所属してる放送部での「お昼の放送」ってやつを終え、放送室から出たところで、出待ちをしてた理音に突然声をかけられた。
「あっ、あっ、あっ、あの!」
男にしてはちょっと甲高い、癖のある声だった。
実のところ、こうして声を掛けられることは初めてじゃない。さっきの放送で流した音楽のタイトルはー、とか、明日はこの曲流してー、とか、出待ちして言われることもあるからだ。
放送部に入りたい、って突撃してくるパターンもある。色々ある。けど、バッとホワイトボードを向けられたのは初めてだった。
――あなたの声に惚れ込みました。よかったら音声アプリで使わせてください――
「音声アプリ?」
ホワイトボードの文字を読みつつ首をかしげると、理音はあわあわ言いながらさっきの文字を消し、再びボードに短く書いた。
――U・TaEという、歌声合成アプリで――
それを見てすぐに理解できたのは、その手のコンテンツを知ってたからだ。架空の美少女や美少年キャラが歌うアレ。歌うだけじゃなくて喋るやつも、ブラブラ動画とか、動画投稿サイトでよく見かける。

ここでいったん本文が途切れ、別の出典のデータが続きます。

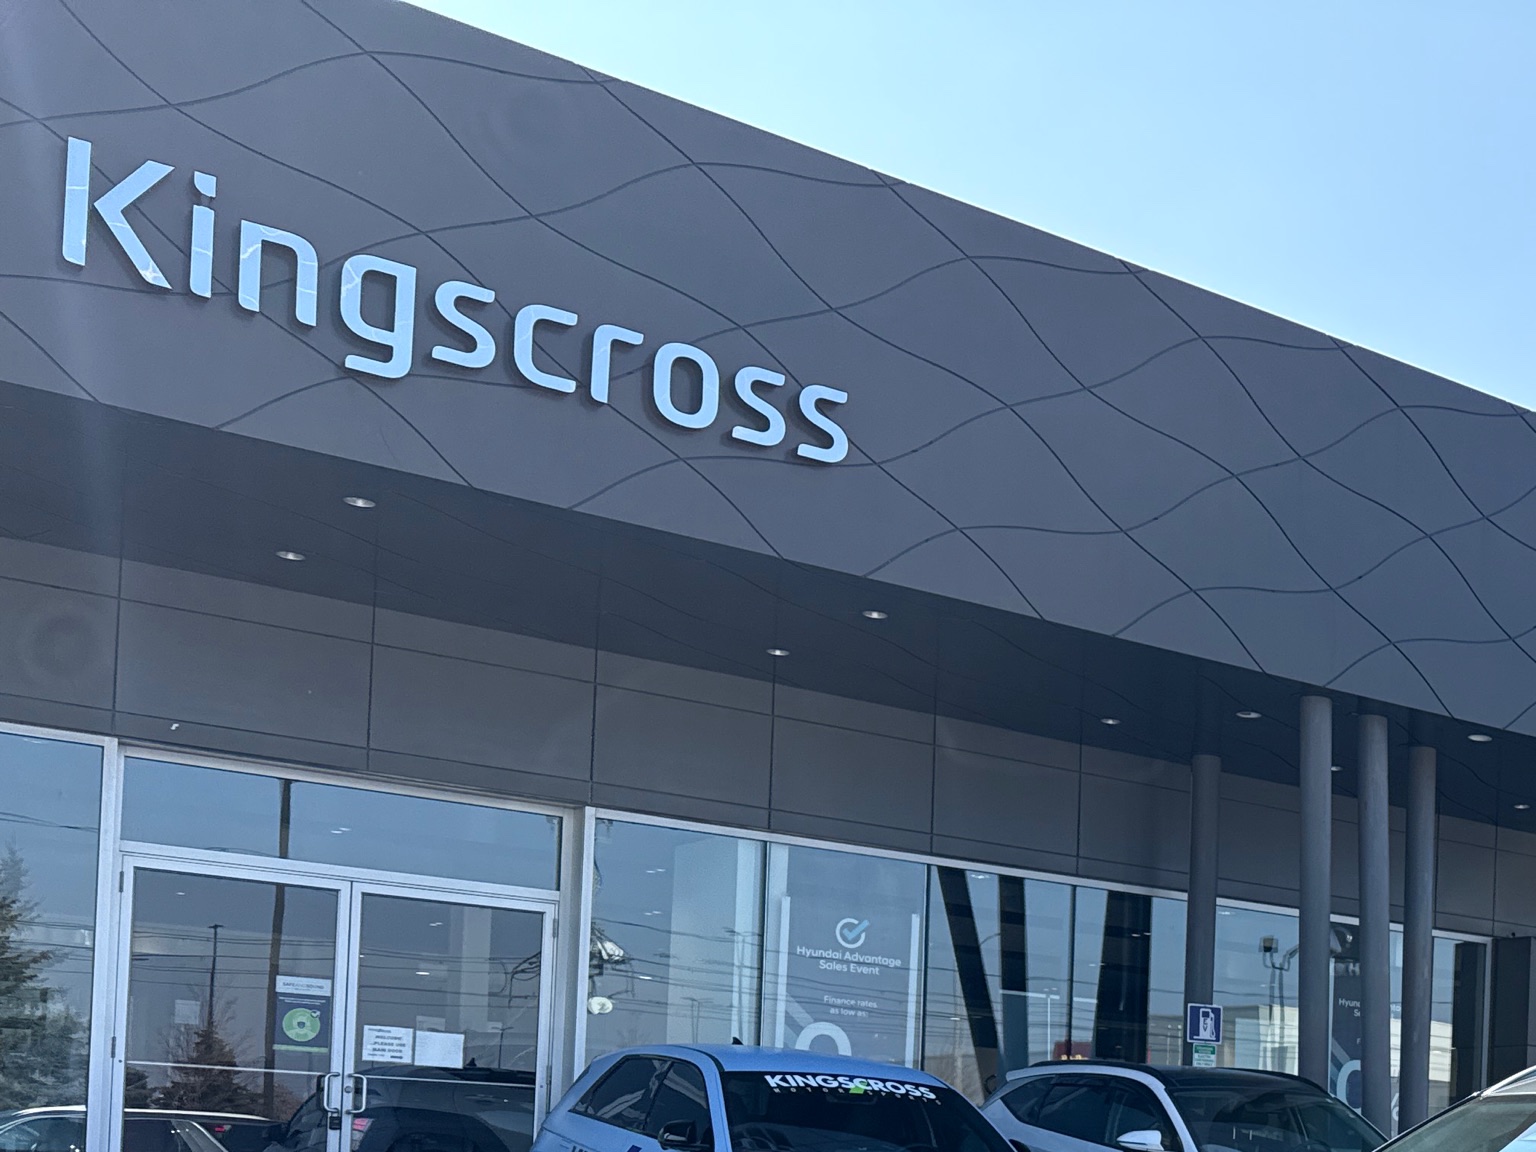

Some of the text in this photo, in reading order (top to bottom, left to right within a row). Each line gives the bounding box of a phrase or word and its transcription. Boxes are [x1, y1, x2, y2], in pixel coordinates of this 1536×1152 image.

自分で好きな音源を作って使えるってことは知らなかったけど、理音の話にはかなり興味をそそられた。
さっそくその日の放課後に、理音の家を訪れた。
理音の家には半地下に防音室があって、ピアノとでっかい音響設備と、モニターと、それから本格的な録音設備も整ってた。
マイクまでプロ仕様で、「すげー」と称賛するしかない。
最初はオレの声でボイスライブラリを作りたいってことだったんだけど、マイク使って歌詞を朗読して、曲サンプルを聴いて、音程を調整してる様子を見てしまったら、直接歌いたくてたまんなくなった。
理音の曲を聴いたのは、実を言うとその時が初めてだった。
動画投稿サイトでは主にゲームの実況動画をよく見てて、音楽にはあまり興味がなかった。音声アプリの曲って、どれも似たり寄ったりだよな、って先入観があったかも知れない。
その認識が間違いだって気付かせてくれたのは、理音こと花咲Pの楽曲だ。
――教室の窓から吹く風に 心がパラパラめくられて
――斜め向こうのあの人の 朗読の声がシミを作る
何てことのない歌詞なのに、曲に乗せた途端、その風景が頭の中に広がった気がした。独特な歌い出し、個性的なリズム取り、間奏がまた印象的で、耳に残った。
でも理音が言うには、まだまだらしい。まだまだ、アップできるレベルじゃないんだって。
一応、いつもの音声アプリにも歌わせてみたんだ、と、小声でぼそぼそ言いながら、歌付きバージョンも聴かせてくれたけど、その違いは明らかだった。
ああ、これはオレの声の方がいい。うぬぼれとかじゃなくて、マジで思った。美少女の合成音でも、美少年の合成音でもない、オレのこの声の方がいい。肉声なら、もっといい。
花坂理音は天才だ。個性的で印象的な曲を作り、自力で世に出て活動してる。直感にも優れてて、自分の曲に合うのはコレだって、オレの声を見出した。
きっとスゴイ曲になる。だって、イントロだけでテンションが上がる。
「これ、オレに歌わせてくれねぇ?」
そう申し出るのに、ためらいはなかった。